I would agree that certainly, limited edition copies of photographic books are very collectable. Whether they will help you in your retirement is another matter.
If you haven’t guessed yet, I’m a bit of a collector of photographic books. (I just bought Bill Schwab’s 2nd edition of Gathering calm to sit nicely against the first edition, and I also bought Rolfe Horn’s 28 Photographs). I find them immensely beautiful objects to own, and a very absorbing way to appreciate someones work. Just a few months ago I reviewed Michael Kenna’s Huangshan book, which I still think is one of the most beautifully printed books I’ve ever seen. Printed on high end Japanese uncoated art paper, the photographs take on a spirit and a feeling I could never get from browsing a web site.
To digress a little, my own book is being printed by the very same printer, and they have let me know that there was a lot of time and effort that went into sourcing the paper and inks for Huangshan.

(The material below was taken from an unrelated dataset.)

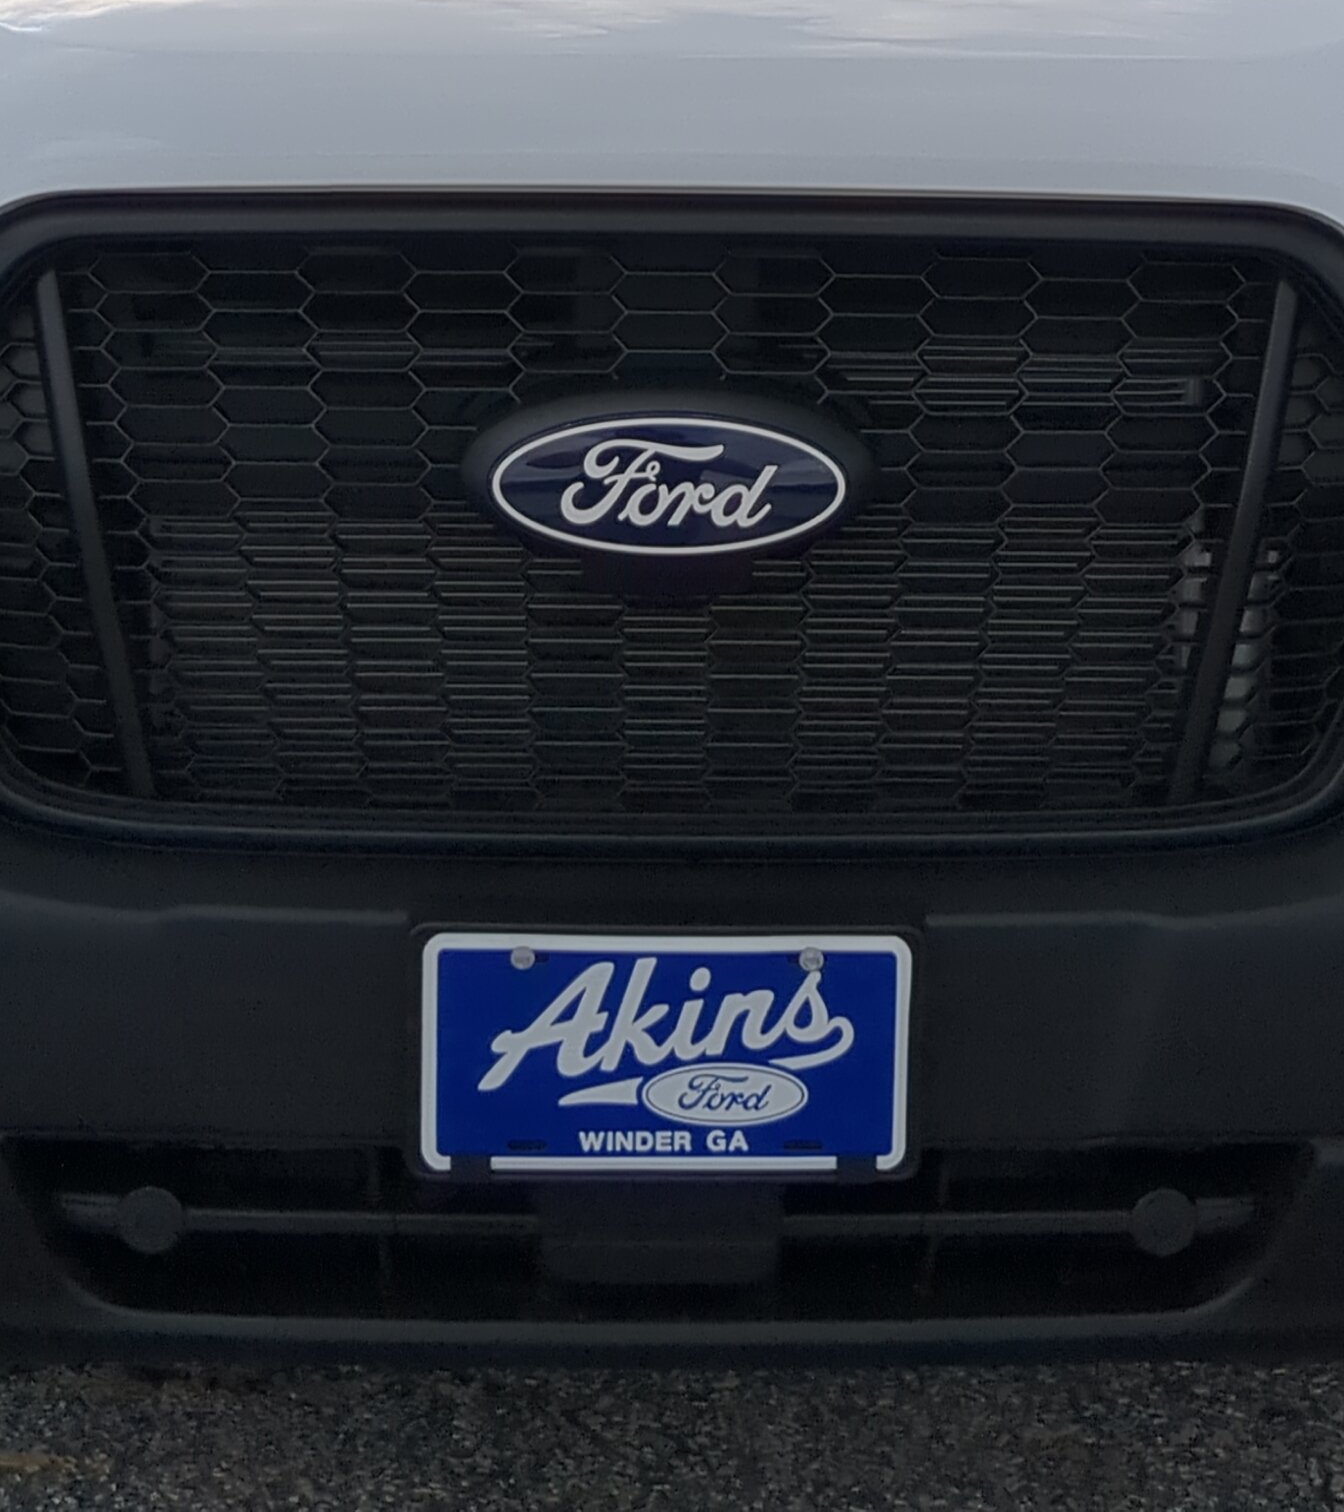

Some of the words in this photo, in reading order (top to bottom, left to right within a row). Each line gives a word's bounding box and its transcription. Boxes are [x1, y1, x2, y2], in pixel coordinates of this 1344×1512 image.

Anyway, I digress. Huangshan is almost sold out (it was limited to 1,000 copies) and prices on the web are rising steadily. It’s only been out for 4 to 6 months.
So I’m wondering – maybe there is something in the Guardian’s article. But ultimately, I would prefer to collect books because I love them, appreciate them, and enjoy getting lost in their contents for a few hours now and then. That to me, is priceless.
ps. If you’re interested in any of these books, you can get Gathering Calm from Beyond Words book shop, but I think that Rolfe’s book is now out of print. Best to ask Neil if you do enquire or go look on Abebooks (second hand site), but expect prices to be high for books on Abebooks due to the collect-ability of photographic books i’ve just been discussing.